Awarded: $25,000 | Leveraged: $356,912
The arrival of the spotted wing drosophila (SWD) in Michigan in 2010 devastated the small fruit industry. Underserved and minority growers have been the most affected. In 2014, 28 surveyed Latino blueberry growers indicated losses due to SWD, amounting to 58 percent of their income. The problem has grown so fast that the Michigan Blueberry Advisory Committee placed it at the top of its priorities for research and extension in 2016. However, growers require advanced integrated pest management (IPM) tools and a systems approach for pest management to incorporate SWD into their current IPM programs.
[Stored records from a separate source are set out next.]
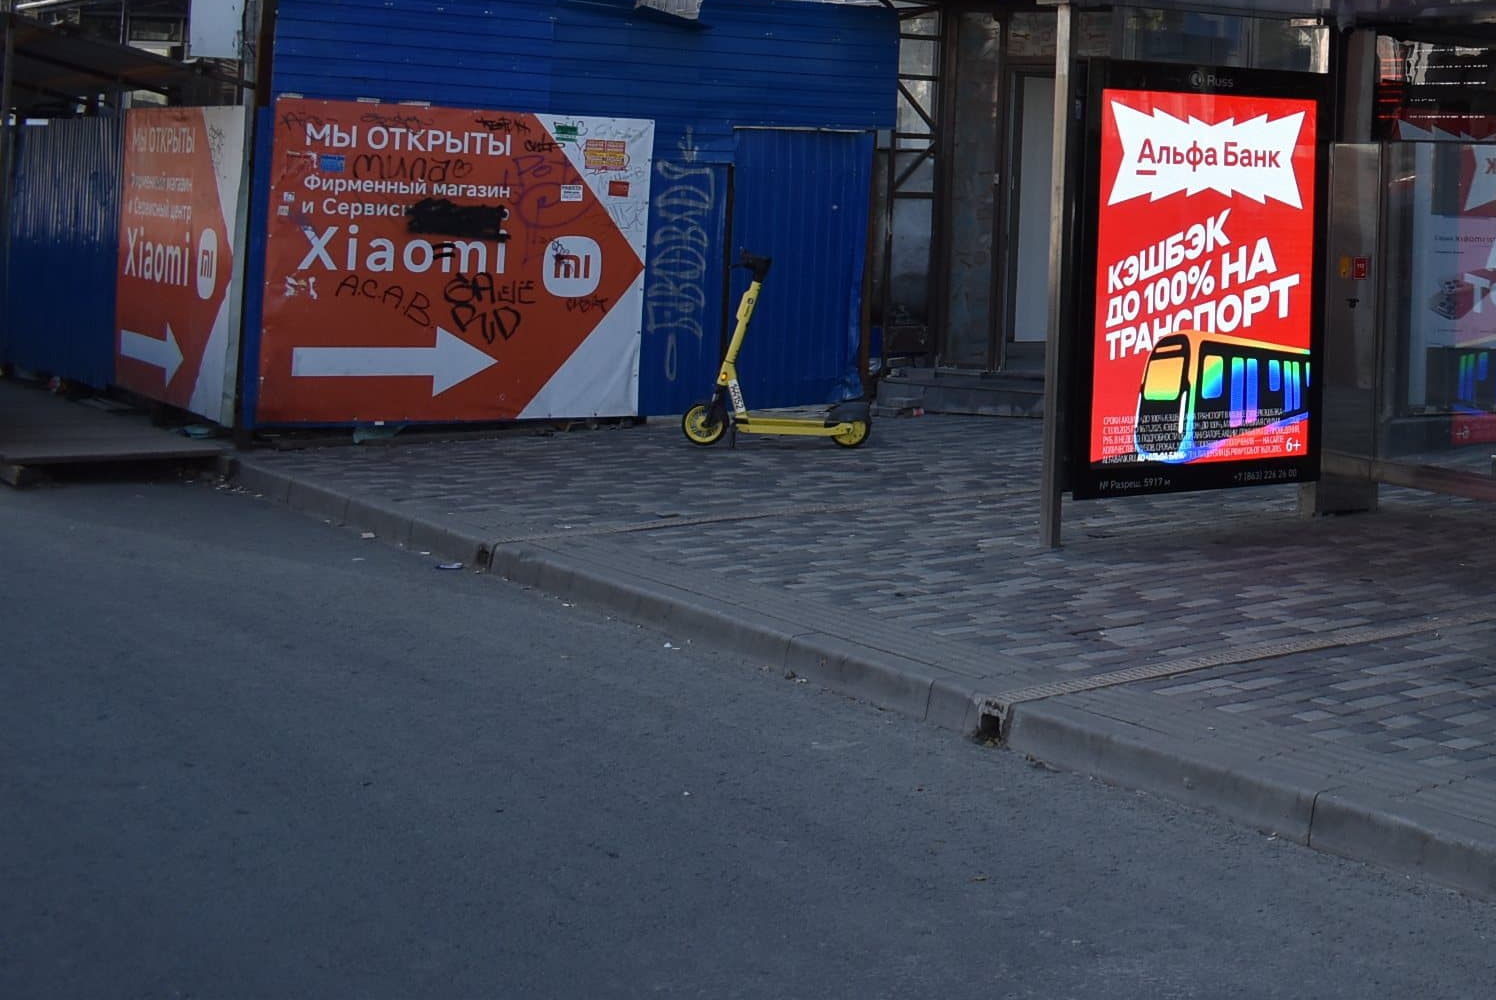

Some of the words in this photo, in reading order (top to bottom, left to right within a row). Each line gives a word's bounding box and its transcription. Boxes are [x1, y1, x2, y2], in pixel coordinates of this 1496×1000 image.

[1207, 74, 1234, 89] Russ
[149, 127, 196, 154] ОТКРЫТЫ
[305, 123, 358, 148] МЫ
[367, 125, 512, 157] ОТКРЫТЫ
[1136, 138, 1219, 174] Альфа
[1223, 141, 1282, 169] Банк
[304, 175, 427, 197] Фирменный
[433, 184, 511, 199] магазин
[302, 201, 314, 213] и
[124, 226, 191, 287] Xiaomi
[297, 225, 508, 275] Xiaomi
[1107, 208, 1232, 294] КЭШБЭК
[1105, 290, 1142, 328] ДО
[1143, 259, 1216, 313] 100%
[1221, 236, 1278, 290] НА
[1105, 273, 1301, 361] ТРАНСПОРТ
[1285, 437, 1302, 452] 6+
[1144, 477, 1163, 488] 5917
They need more knowledge and understanding of how insecticide applications should be adjusted to account for pest behavior, weather conditions and sprayer equipment. A research team led by MSU Extension educator Carlos Garcia-Salazar has created English and Spanish web-accessible resources for farmers. The usefulness of the training with web-accessible materials resulted in a highly successful implementation of SWD management. Salazar said that when growers are taught complex subject such as a systems approach to pest management with simplified, web-accessible educational materials, small working groups and experiential learning, they are capable of using those resources to develop successful SWD management programs. Growers farming 738 acres of more than 2,684,834 pounds of blueberries were affected by this training. The total market value of protected berries was $3,490,284.